Note also that these strand cables must be as thoroughly impregnated as possible by the rubber, so that the latter penetrates into all the spaces between the wires constituting the cables. In effect, if this penetration is insufficient, empty channels form along the cables and corrosive agents such as water, which can penetrate into tires for example due to cuts or other aggressions of the tire's crown reinforcement, make their way along those channels through the said reinforcement. The presence of this moisture plays an important part in causing corrosion and accelerating the processes of fatigue (“fatigue-corrosion” phenomena) compared with use in a dry atmosphere.
On the other hand, each bead of a tire for a heavy industrial vehicle is generally provided with a stiffener designed to reinforce it, each stiffener comprising at least one ply of cables extending axially on the outside of the upturn of the carcass ply. These cables make an angle generally between 15° and 30° relative to the circumferential direction of the tire. In some cases each stiffener can extend along the upturn of the carcass ply both axially outside and radially inside the upturn, essentially forming an L when viewed in the meridian cross-section of the tire.
These stiffeners have an overall damping function which tends in particular to minimise the phenomenon of “deradialisation” of the carcass reinforcement of the tire each time it is flattened against the ground over which it is rolling, by taking up the compression forces connected with the flattening and minimising the wear against the rim.
To reinforce the plies, constituting these stiffeners, the cables most often used are layered steel cables consisting of a central core and one or more concentric layers of wires arranged around the core.
The most widely used layered cables in these stiffeners for heavy-vehicle tires are ones having the formula (L+M) or (L+M+N). As is known, these cables are formed of a core of L wire(s) surrounded by at least one layer of M wires itself sometimes surrounded by an outer layer of N wires, L generally varying from 1 to 4, M from 3 to 12, N from 8 to 20, depending on the case, and the whole if necessary being surrounded by a wrapping wire wound around the last layer.
Like the cables for crown protection plies, it is also important that these layered cables for stiffeners are as fully impregnated as possible by the rubber, so that it will penetrate between the wires constituting the cables to prevent corrosive agents from making their way into empty channels along the cables.
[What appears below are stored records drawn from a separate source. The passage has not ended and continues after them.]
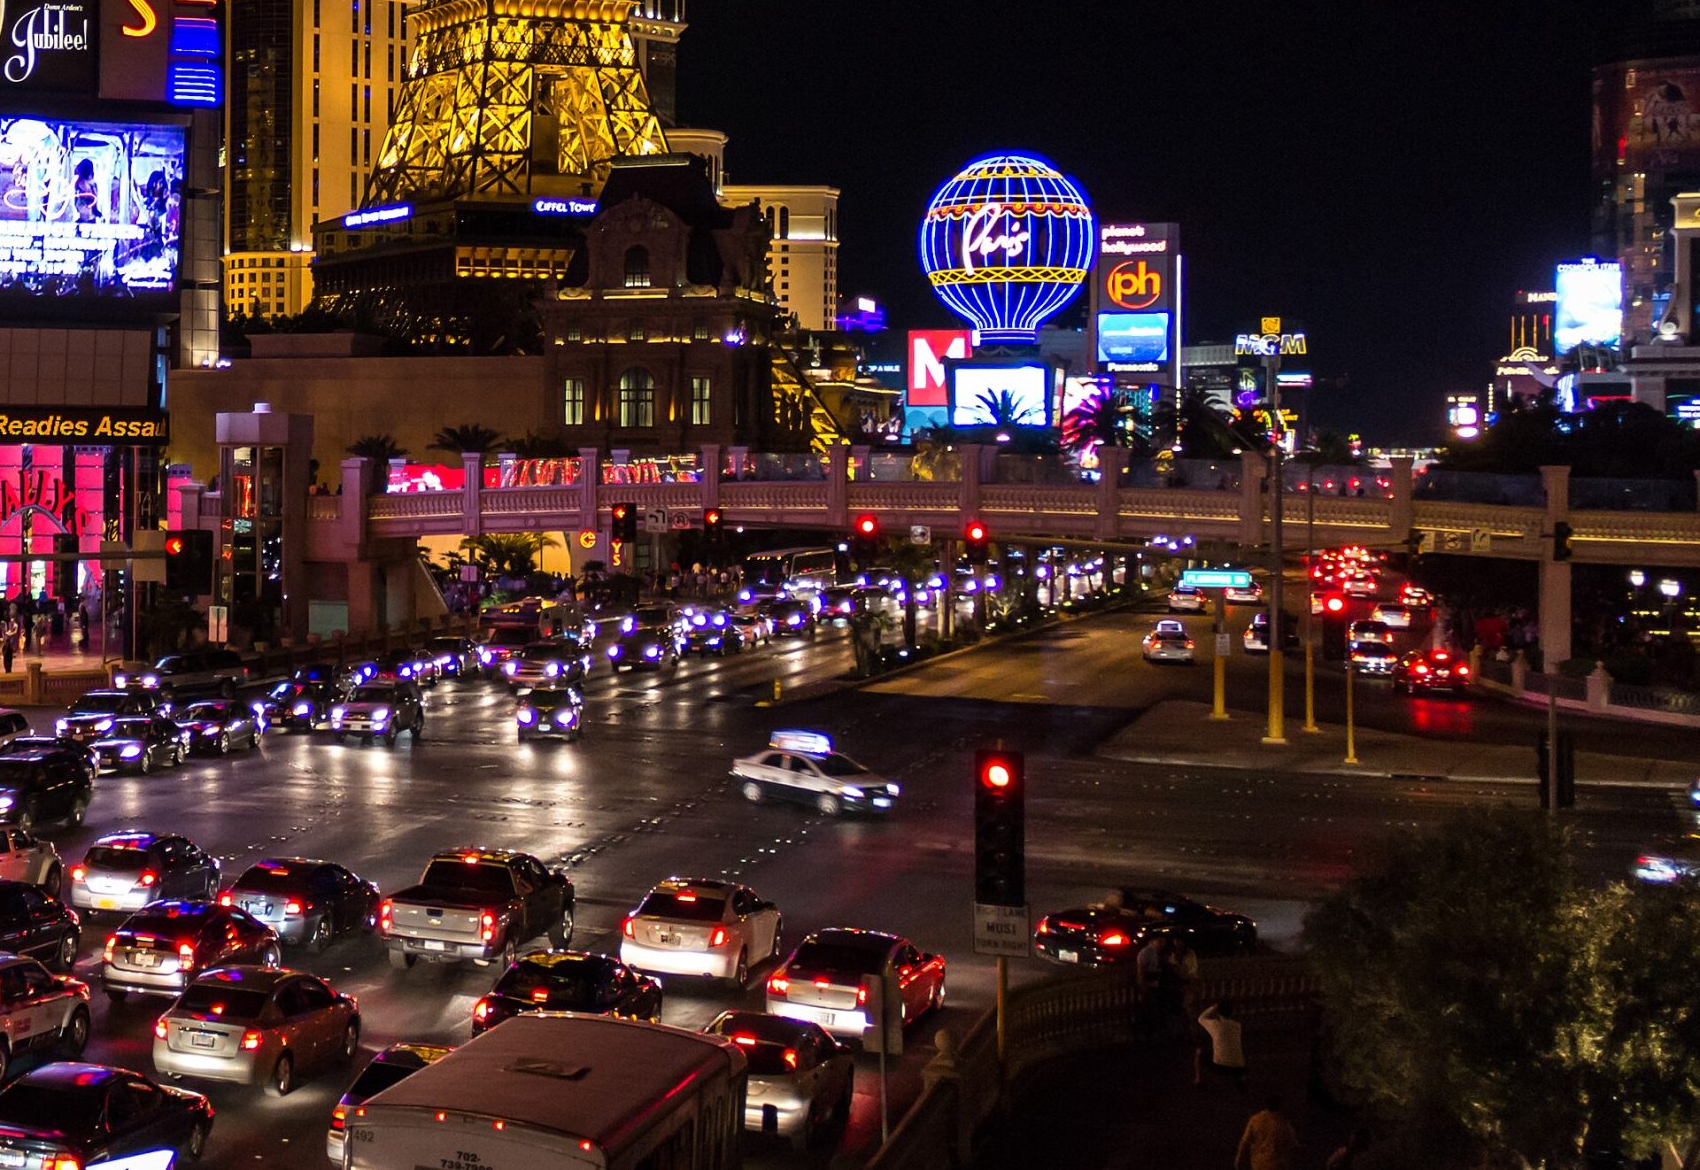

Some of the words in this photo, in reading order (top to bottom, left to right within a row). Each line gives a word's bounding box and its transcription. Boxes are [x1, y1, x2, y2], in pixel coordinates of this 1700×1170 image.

[4, 7, 88, 83] Jubilee!
[1114, 261, 1161, 301] ph
[1235, 334, 1307, 355] MGM
[987, 922, 1016, 935] MUST
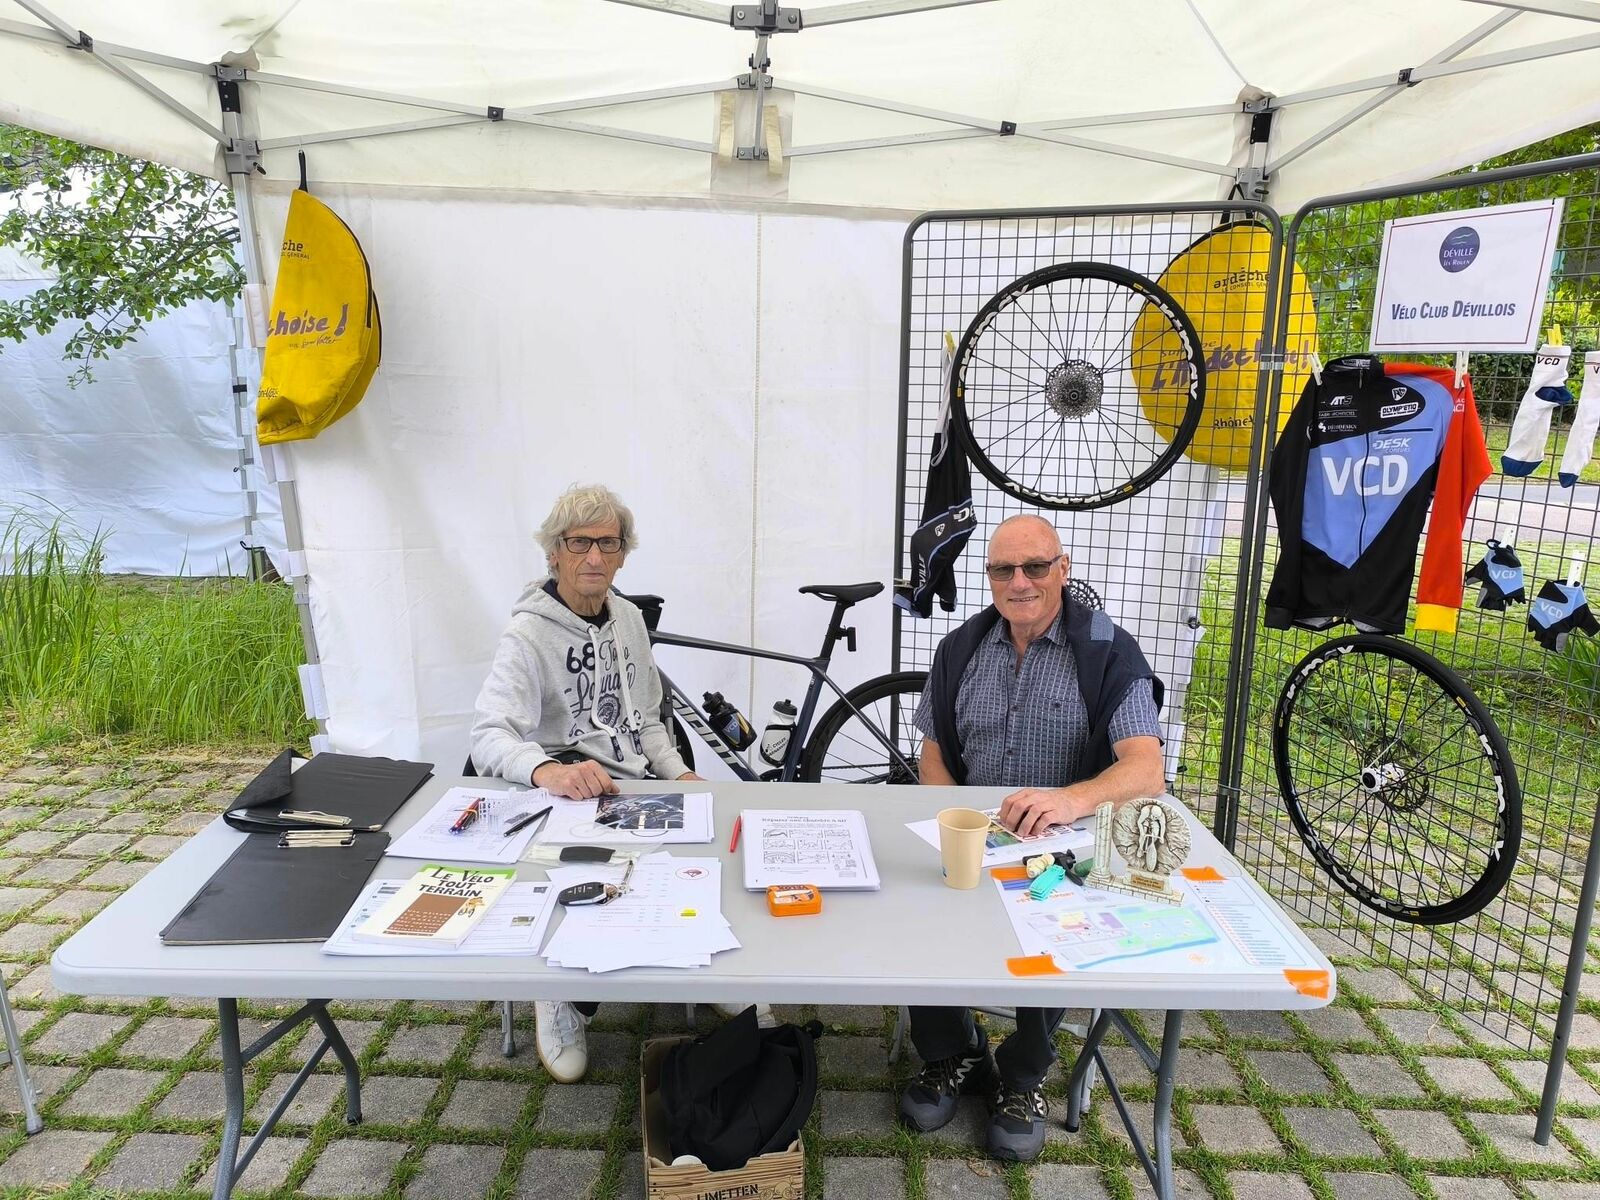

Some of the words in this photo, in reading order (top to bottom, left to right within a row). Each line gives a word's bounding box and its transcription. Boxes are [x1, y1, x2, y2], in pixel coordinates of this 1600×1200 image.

[1537, 356, 1560, 366] VCD
[1373, 438, 1412, 449] DESK
[1321, 454, 1409, 496] VCD
[1491, 569, 1517, 580] VCD
[1540, 601, 1563, 619] VCD
[566, 642, 596, 674] 68
[439, 879, 477, 889] TOUT
[419, 884, 482, 897] TERRAIN
For example, layered cables of structure (3+9+15) have been described, which consist of an inside layer of 3 wires surrounded by an intermediate layer of 9 wires and a saturated outer layer of 15 wires, for example provided with a wrapping wire, as described in the documents EP-A-176 139 (or U.S. Pat. No. 4,651,513), EP-A-497 612(or U.S. Pat. No. 5,285,836), EP-A-669 421 (or U.S. Pat. No. 5,595,057), EP-A-709 236 (or U.S. Pat. No. 5,836,145),EP-A-744 490 (or U.S. Pat. No. 5,806,296) or EP-A-779 390 (or U.S. Pat. No. 5,802,829).
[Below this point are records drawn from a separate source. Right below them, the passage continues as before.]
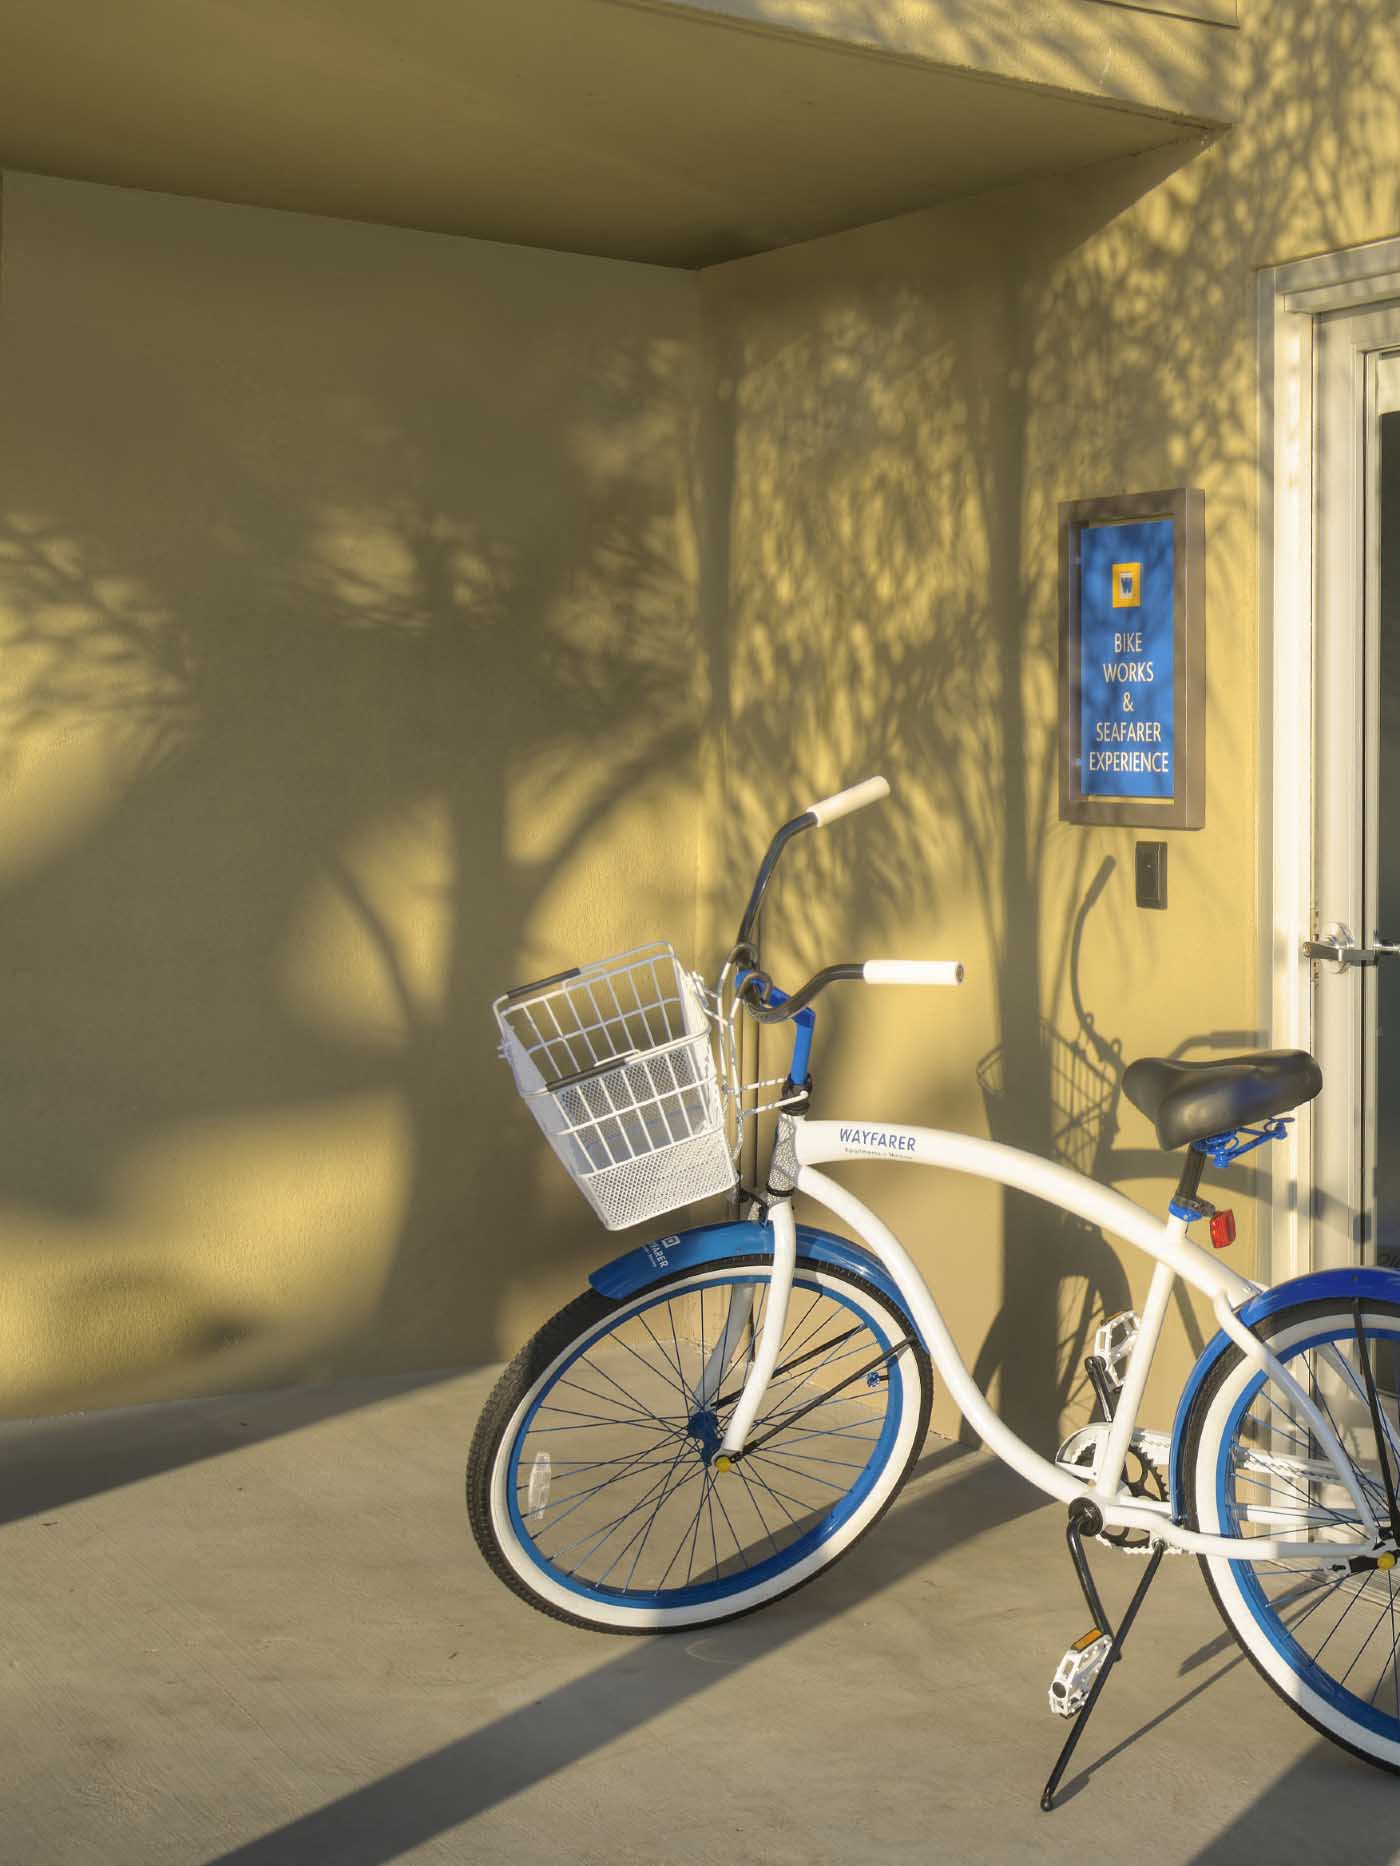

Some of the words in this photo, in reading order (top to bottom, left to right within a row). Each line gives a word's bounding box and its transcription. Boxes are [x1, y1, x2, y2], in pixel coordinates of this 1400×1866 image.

[1114, 632, 1143, 653] BIKE
[1103, 662, 1155, 683] WORKS
[1122, 692, 1134, 712] &
[1096, 722, 1162, 742] SEAFARER
[1089, 752, 1169, 773] EXPERIENCE
[840, 1127, 916, 1152] WAYFARER
A major disadvantage of these cables with formula (3+9+15) is that they cannot be penetrated throughout by the rubber, in particular because of the saturated structure of the outer layer and the presence of a channel or capillary at the centre of the three core wires, which remains empty after impregnation by the rubber and is therefore available for the propagation of corrosive agents such as water.